EXERCISE » Would you transcribe each entry that follows word for word, minus the images?

STORED DATA »
.....
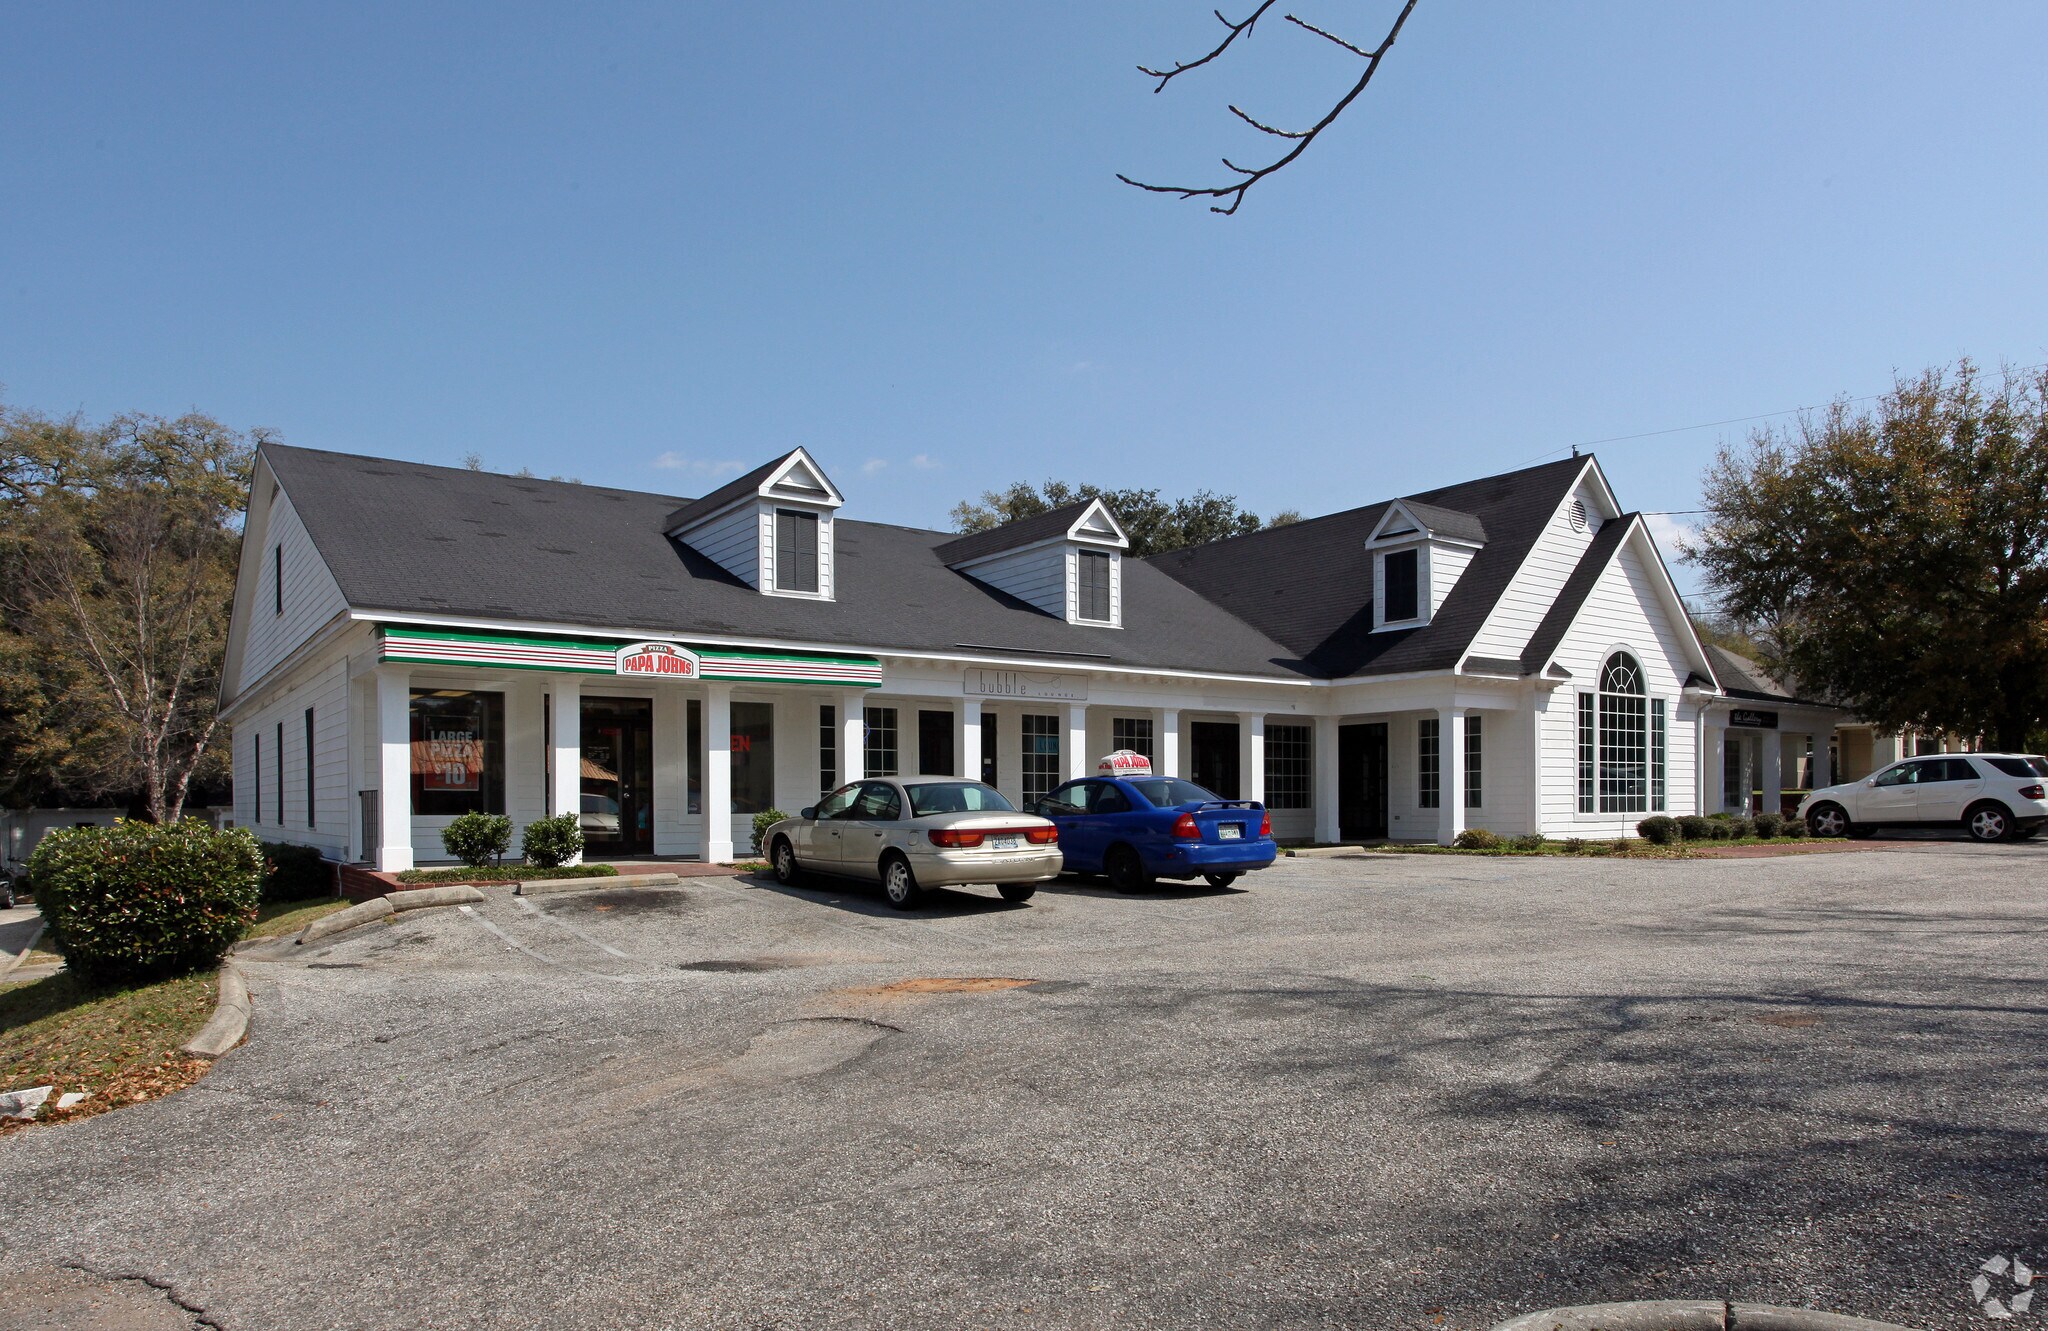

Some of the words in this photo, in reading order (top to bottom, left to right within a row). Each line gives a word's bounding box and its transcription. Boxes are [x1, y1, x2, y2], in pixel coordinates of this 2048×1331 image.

[625, 655, 654, 672] PAPA
[656, 655, 692, 674] JOHNS
[980, 671, 1026, 695] bubble
[430, 730, 473, 743] LARGE
[730, 735, 751, 752] EN
[431, 742, 474, 759] PIZZA
[1113, 756, 1130, 768] PAPA
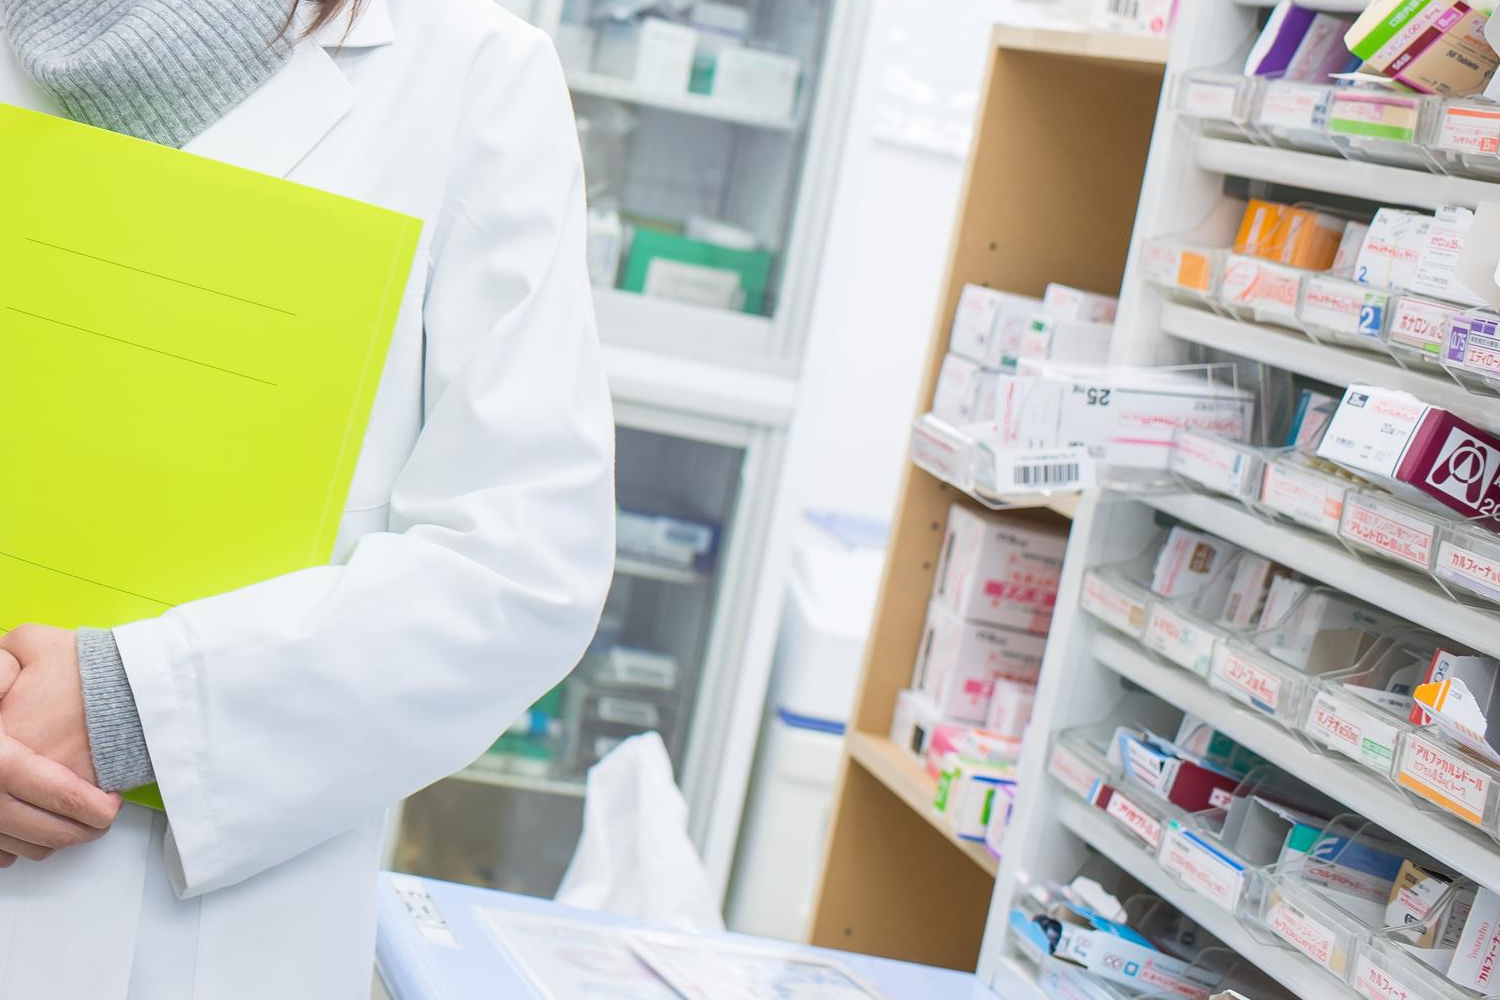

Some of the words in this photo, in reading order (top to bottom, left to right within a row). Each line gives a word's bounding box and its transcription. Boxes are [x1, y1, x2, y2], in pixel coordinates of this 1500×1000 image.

[1087, 387, 1110, 406] 25
[1415, 744, 1483, 792] アルファカルシドール
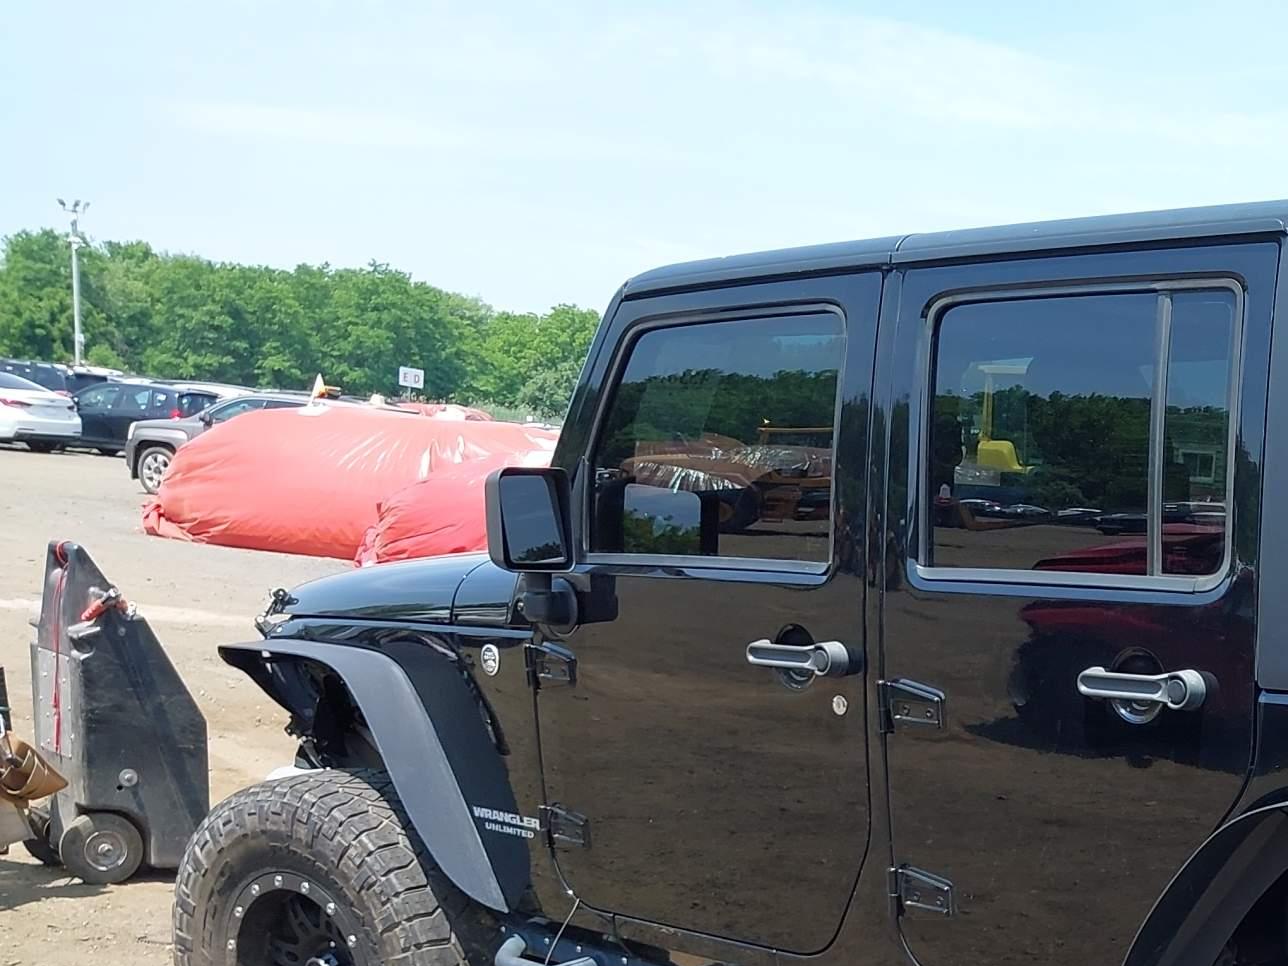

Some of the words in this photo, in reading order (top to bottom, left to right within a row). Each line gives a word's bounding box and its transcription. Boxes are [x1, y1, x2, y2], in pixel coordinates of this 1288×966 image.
.....
COMPLETED EXERCISE »
Some of the words in this photo, in reading order (top to bottom, left to right within a row). Each line gives a word's bounding box and its transcription. Boxes are [x1, y1, x2, y2], in pixel coordinates of this 2048×1331 image.

[625, 655, 654, 672] PAPA
[656, 655, 692, 674] JOHNS
[980, 671, 1026, 695] bubble
[430, 730, 473, 743] LARGE
[730, 735, 751, 752] EN
[431, 742, 474, 759] PIZZA
[1113, 756, 1130, 768] PAPA

Some of the words in this photo, in reading order (top to bottom, left to right within a row). Each line gives a word's bounding box and its transcription. Boxes are [x1, y1, x2, y2], in pixel coordinates of this 1500×1000 image.

[1087, 387, 1110, 406] 25
[1415, 744, 1483, 792] アルファカルシドール

Some of the words in this photo, in reading order (top to bottom, left to right within a row). Each line gives a word's bounding box and its transcription. Boxes are [x1, y1, x2, y2], in pixel coordinates of this 1288×966 image.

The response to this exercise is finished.